Las cifras de contagios y muertes por coronavirus en los geriátricos son tan lacerantes que en muchos casos han movido a la intervención de la Administración. Es probablemente la cara más cruel de la pandemia, sobre todo porque nos pone ante la evidencia del engaño en que vivíamos: el sistema se acerca más a una red de pudrideros que de lugares para gente mayor que se merezcan el nombre de residencias.

La respuesta más natural, y visceral, es negar que el cuidado de los ancianos pueda convertirse en un negocio, como si fuera ese el problema. Hay quien lo dice de forma abierta, y también quien lo insinúa denunciando los casos más sangrantes de asilos en manos de empresas privadas, incluso multinacionales. Es una forma de verlo que viene a decir que esa actividad debería nacionalizarse, o sea que debería estar en manos del Estado. Pero lo cierto es que ya están en manos del Estado.

En Cataluña, por ejemplo, aunque solo el 14,4% de los centros son de titularidad pública, más del 70% de sus plazas dependen del presupuesto de forma directa o a través de conciertos que se renuevan periódicamente.

La residencia Bertran Oriola de la Barceloneta que acaba de intervenir la Generalitat pertenece a la propia Administración catalana, que había confiado su gestión a una empresa privada. Hace tres años, el Govern ya anuló la concesión de este mismo centro a la compañía que lo llevaba en aquel momento después de que las familias de los internados llevaran sus protestas hasta la mismísima puerta de Palau: los ancianos estaban grave y escandalosamente desatendidos. La Consejería de Treball tuvo que aplicar la misma medida en otras cuatro residencias.

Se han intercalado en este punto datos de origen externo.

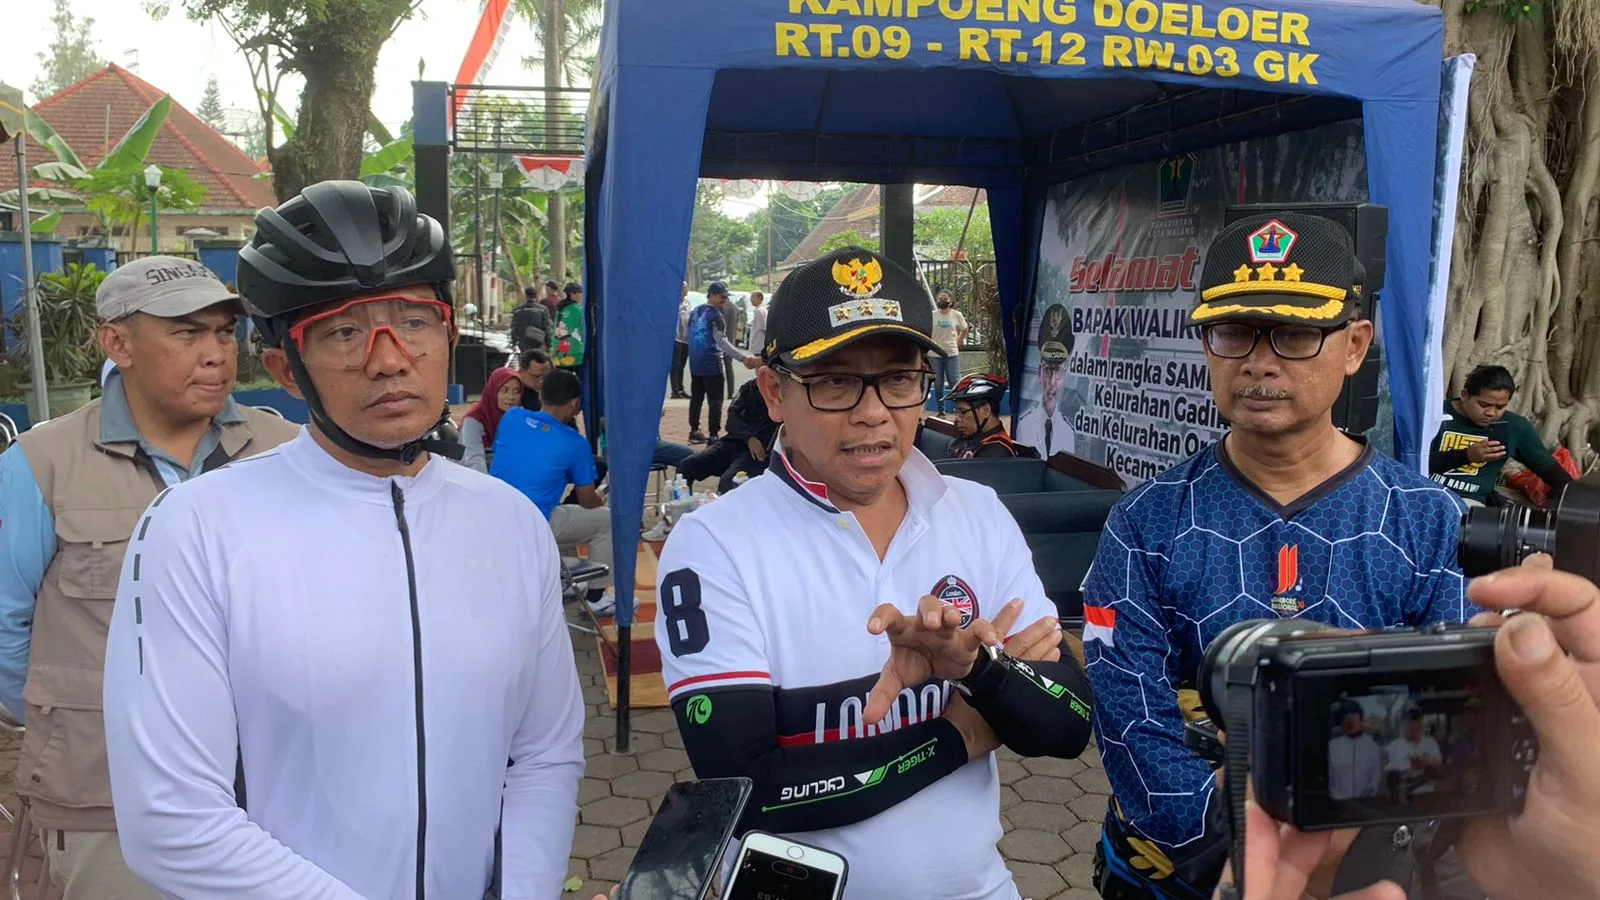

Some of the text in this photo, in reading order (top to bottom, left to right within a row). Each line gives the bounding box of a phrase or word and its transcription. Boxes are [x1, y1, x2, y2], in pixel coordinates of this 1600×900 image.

Los recortes en sanidad pública y políticas sociales que se practicaron tras la crisis de 2008 no han sido revertidos en la asistencia de mayores, víctima del modelo de concurso público que las administraciones –central, autonómica y local-- han adoptado desde entonces. Se sacan a subasta obras y servicios a precios cada vez más reducidos, a los que los aspirantes añaden descuentos de hasta el 25%. Y no lo hacen voluntariamente, sino que se someten a la rebaja recomendada sotto voce por los convocantes. De hecho, cuando la residencia de la Barceloneta fue intervenida en 2017 ya circuló el rumor de que sus gestores habían hecho una oferta a la baja muy temeraria para asegurarse la contrata y que se pillaron los dedos.

Ese racaneo público constante deriva en reducciones salariales, de plantilla y de calidad asistencial hasta convertir esos establecimientos en algo muy distinto a su propósito original. ¿Cómo iban a aguantar en esas condiciones el envite del coronavirus?

¡Claro que se puede hacer negocio con el cuidado de los mayores! En Cataluña, 2,5 millones de personas tienen una póliza privada de salud; y casi nueve millones en el conjunto de España. Un negocio que nadie cuestiona, que incluso se fomentó desde el Estado con beneficios fiscales durante una época y que descarga de trabajo al sistema público. El único secreto está en que sea viable, en que tanto los gestores como los supervisores tengan el rigor y la decencia suficientes como para saber dónde está el límite, dónde un servicio se convierte en un despilfarro económico y una estafa social.